Building an End-to-End Image Classification Web App with TensorFlow, Keras, and TensorFlow.js

Imagine a web application that can instantly identify objects from a user’s camera or uploaded photo — without sending a single byte of data to a server. No latency, no API costs, and full privacy. This is the promise of client-side machine learning, and it’s now within reach for any developer thanks to TensorFlow.js.

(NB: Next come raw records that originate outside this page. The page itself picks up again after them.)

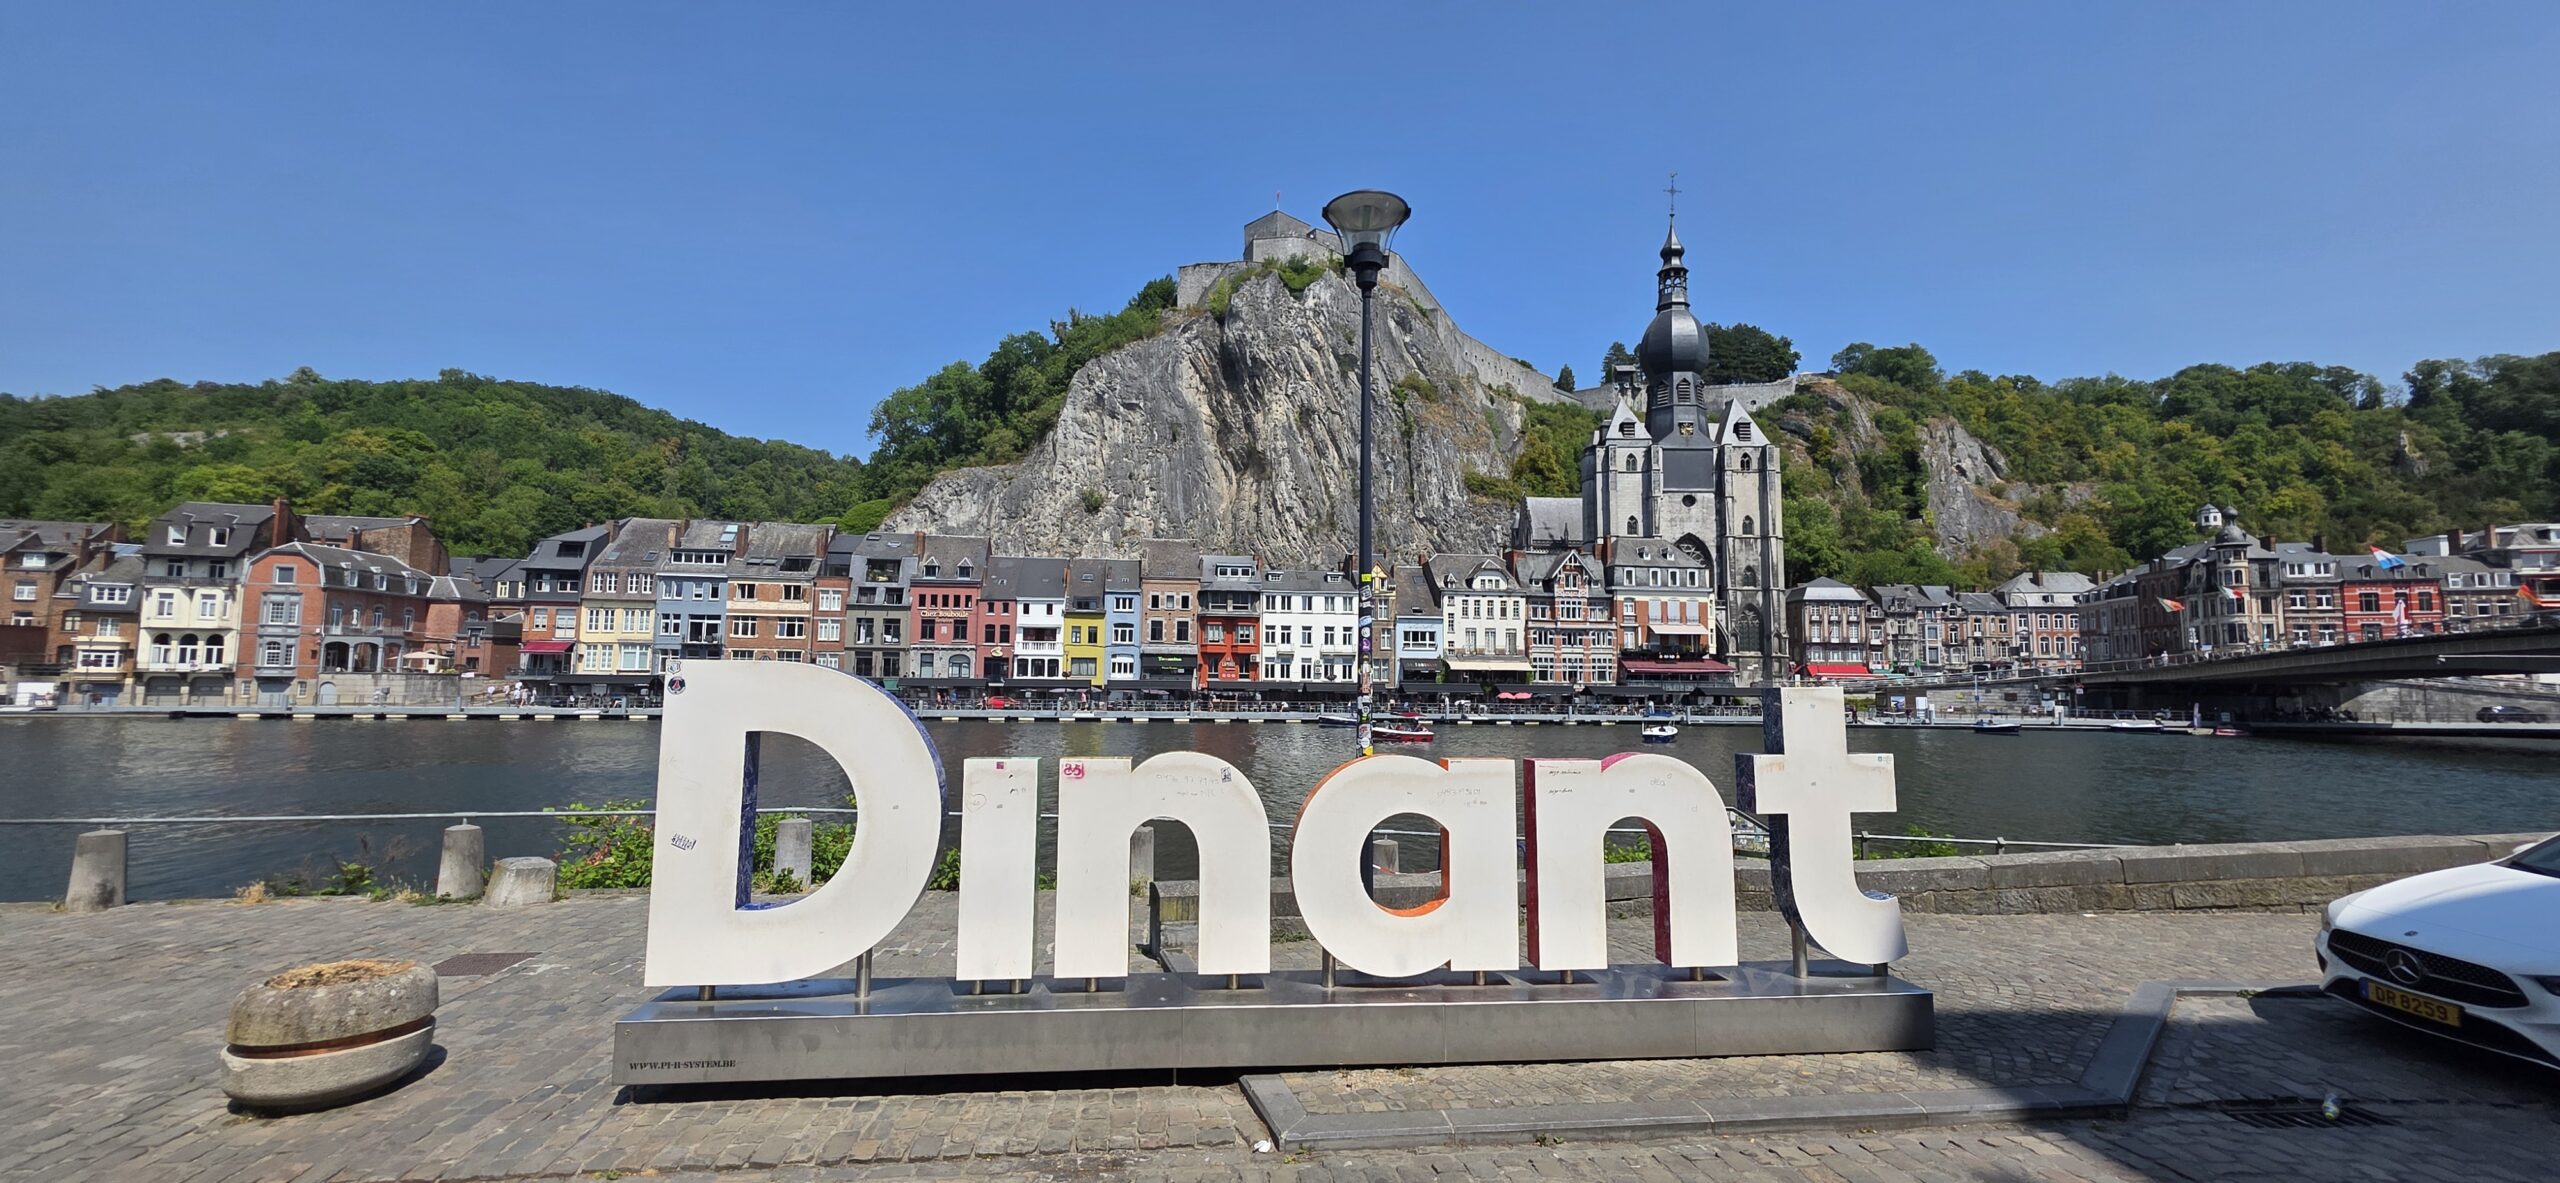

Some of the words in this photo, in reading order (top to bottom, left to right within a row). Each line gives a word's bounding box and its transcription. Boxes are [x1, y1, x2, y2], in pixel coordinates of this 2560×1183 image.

[644, 658, 1909, 988] Dinant
[2375, 986, 2396, 1006] DR
[2400, 995, 2448, 1021] 8259
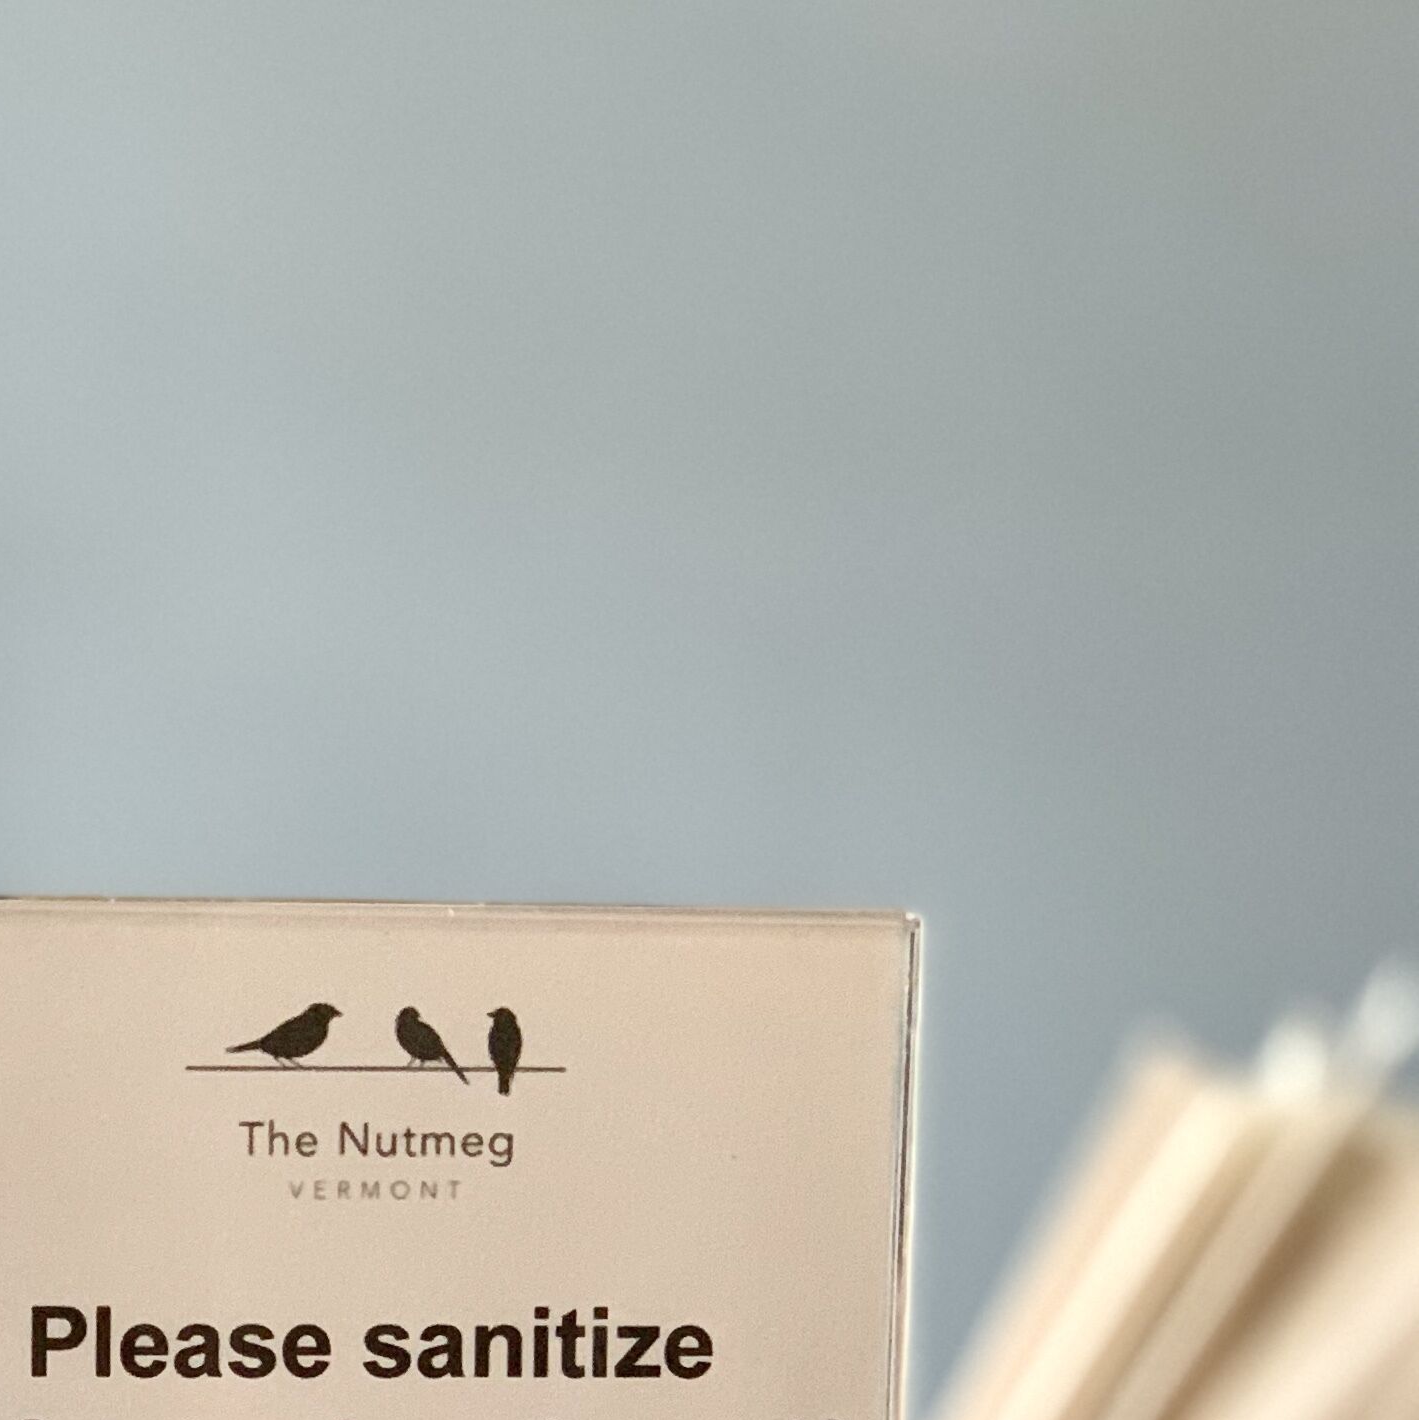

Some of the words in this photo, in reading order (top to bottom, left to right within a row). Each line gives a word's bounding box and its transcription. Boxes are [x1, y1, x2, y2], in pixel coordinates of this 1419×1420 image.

[238, 1120, 318, 1159] The
[339, 1121, 515, 1168] Nutmeg
[288, 1179, 463, 1202] VERMONT
[31, 1305, 331, 1380] Please
[362, 1306, 713, 1380] sanitize
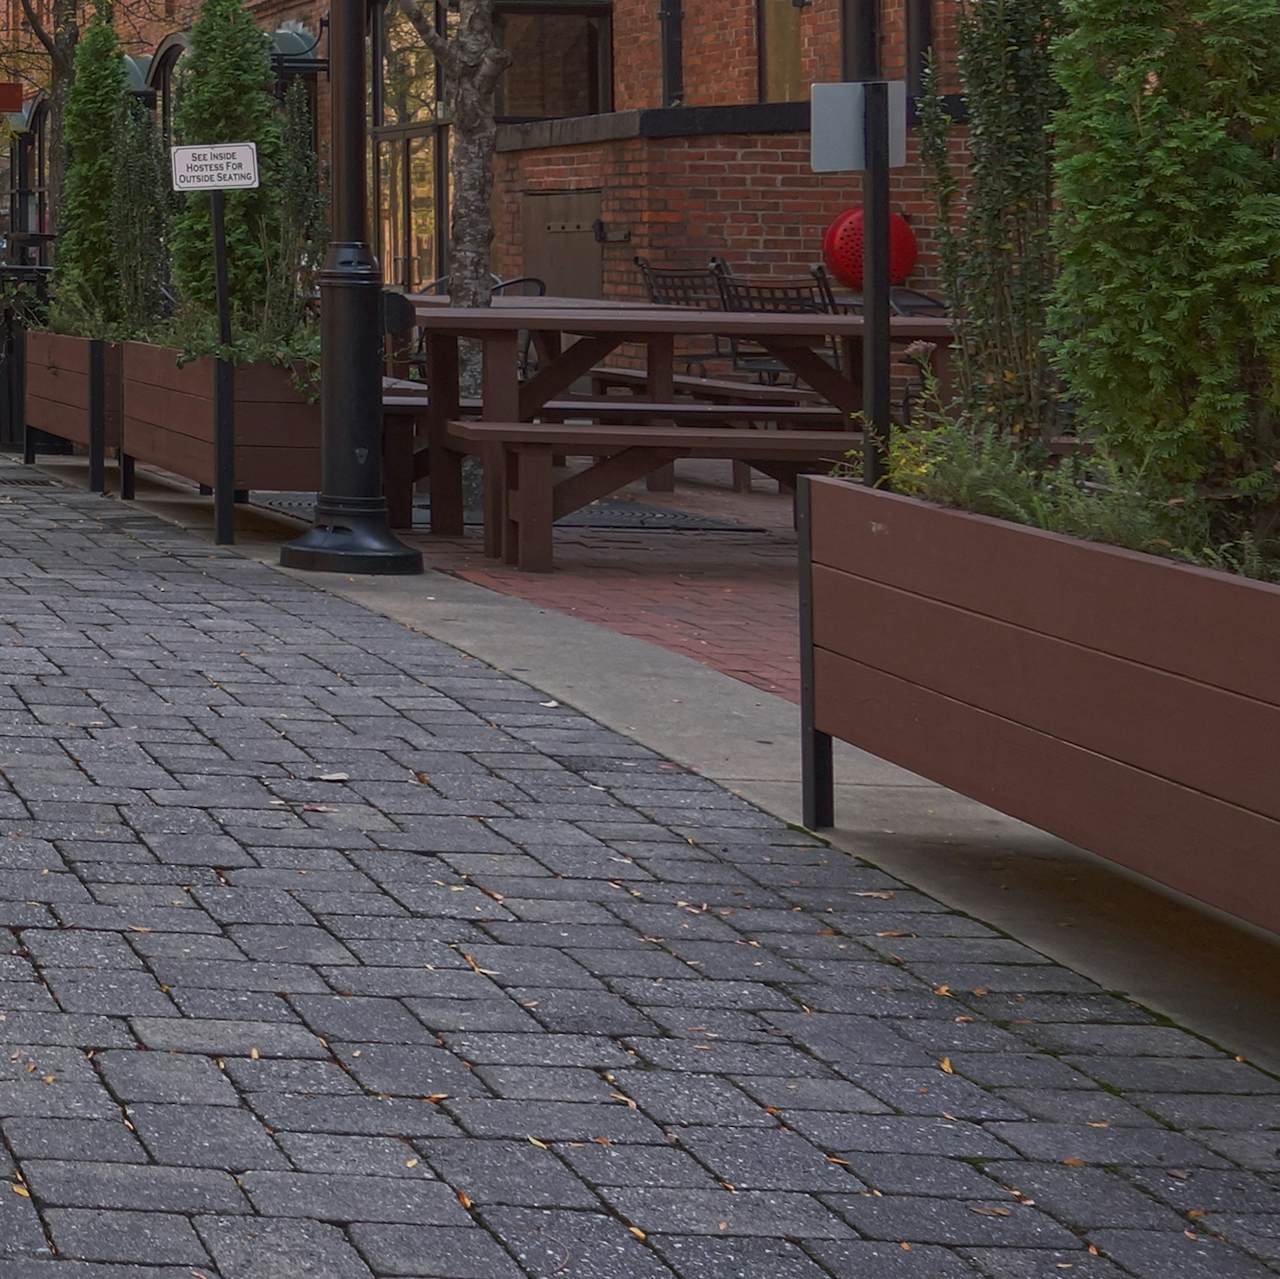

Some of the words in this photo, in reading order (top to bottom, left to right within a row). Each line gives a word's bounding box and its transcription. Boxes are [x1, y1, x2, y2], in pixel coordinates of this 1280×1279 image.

[191, 152, 208, 162] SEE
[210, 151, 237, 161] INSIDE
[186, 163, 224, 173] HOSTESS
[226, 161, 243, 170] FOR
[179, 174, 215, 183] OUTSIDE
[217, 172, 252, 182] SEATING
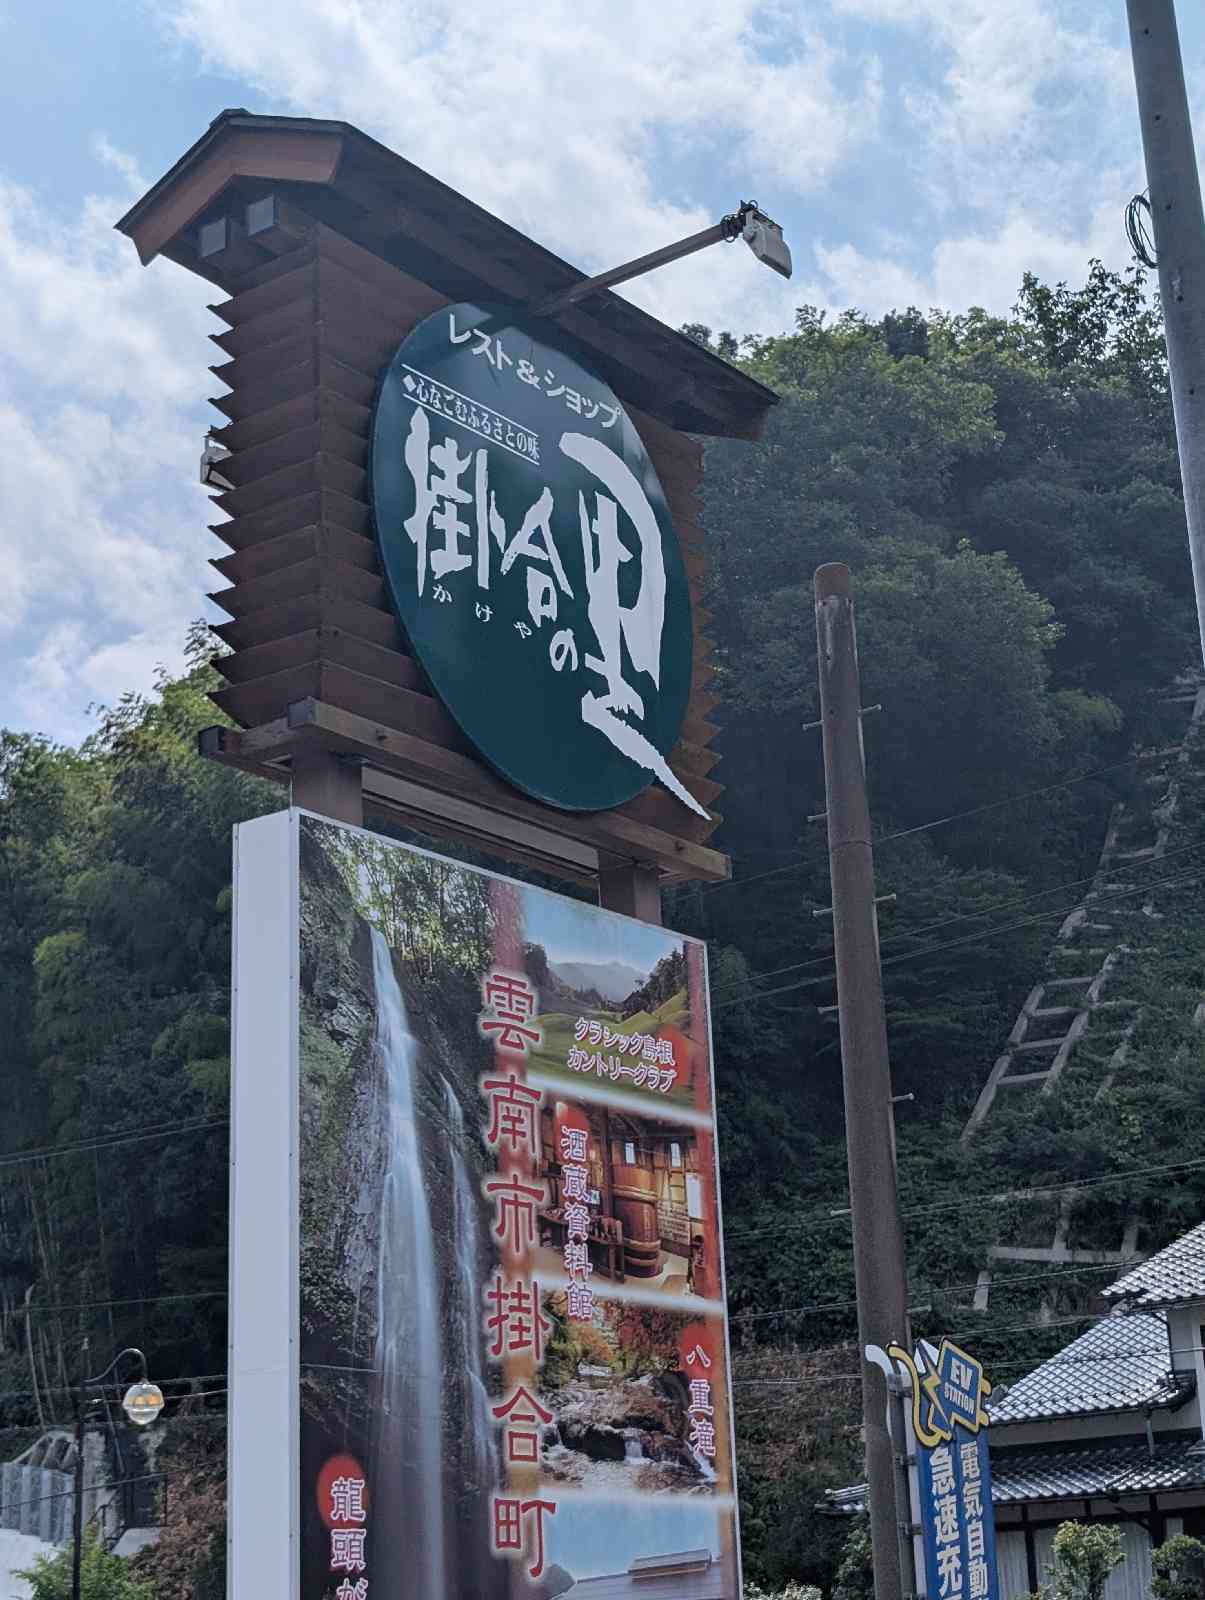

In this comprehensive guide, you’ll learn how to train a state‑of‑the‑art image classifier using TensorFlow and Keras in Python, convert it to a browser‑friendly format with the TensorFlow.js converter, and deploy it in a web app that runs inferences entirely on the client side. We’ll cover everything from data preparation and transfer learning to JavaScript inference and performance optimization. By the end, you’ll have a fully functional web app that classifies images in real time.

Table of Contents#


What You’ll Learn#

  • How to prepare an image dataset for classification using tf.keras.utils.image_dataset_from_directory.
  • How to perform transfer learning with MobileNetV2 in Keras, including fine‑tuning.
  • How to convert a Keras model to TensorFlow.js using both the CLI and the Python API.
  • How to load the converted model in a browser and run predictions with tensorflow.js.
  • How to build a simple web app (vanilla JS or with React) that lets users upload images and see predictions.
  • Best practices for memory management, model size reduction (quantization), and avoiding CORS issues.

Prerequisites#

  • Python 3.8+ and basic familiarity with Jupyter notebooks or scripts.
  • Node.js and npm (for the web app).
  • A development environment with TensorFlow 2.x installed (pip install tensorflow).
  • Basic knowledge of HTML, CSS, and JavaScript.

Stage 1: Data Preparation (Python)#

The foundation of any good classifier is a well‑organized dataset. For this tutorial we’ll assume you have images sorted into class folders inside a data/ directory:

data/
├── train/
│   ├── cats/
│   ├── dogs/
│   └── flowers/
└── validation/
    ├── cats/
    ├── dogs/
    └── flowers/

Loading the Data#

Use the image_dataset_from_directory helper to load and augment images on the fly:

import tensorflow as tf
from tensorflow.keras import layers
 
BATCH_SIZE = 32
IMG_SIZE = (224, 224)   # MobileNetV2 expects 224x224
 
train_ds = tf.keras.utils.image_dataset_from_directory(
    'data/train',
    validation_split=0.2,
    subset='training',
    seed=123,
    image_size=IMG_SIZE,
    batch_size=BATCH_SIZE
)
 
val_ds = tf.keras.utils.image_dataset_from_directory(
    'data/train',
    validation_split=0.2,
    subset='validation',
    seed=123,
    image_size=IMG_SIZE,
    batch_size=BATCH_SIZE
)

Data Augmentation (to Fight Overfitting)#

When you have a small dataset, augmentation is critical. Keras provides a pipeline of preprocessing layers:

data_augmentation = tf.keras.Sequential([
    layers.RandomFlip('horizontal'),
    layers.RandomRotation(0.2),
    layers.RandomZoom(0.1),
    layers.RandomBrightness(0.1),
])
 
# Apply augmentation to the training dataset
train_ds = train_ds.map(
    lambda x, y: (data_augmentation(x, training=True), y)
)

Tip: Normalize pixel values to [‑1, 1] (as MobileNetV2 expects) either in the preprocessing pipeline or as a layer in the model.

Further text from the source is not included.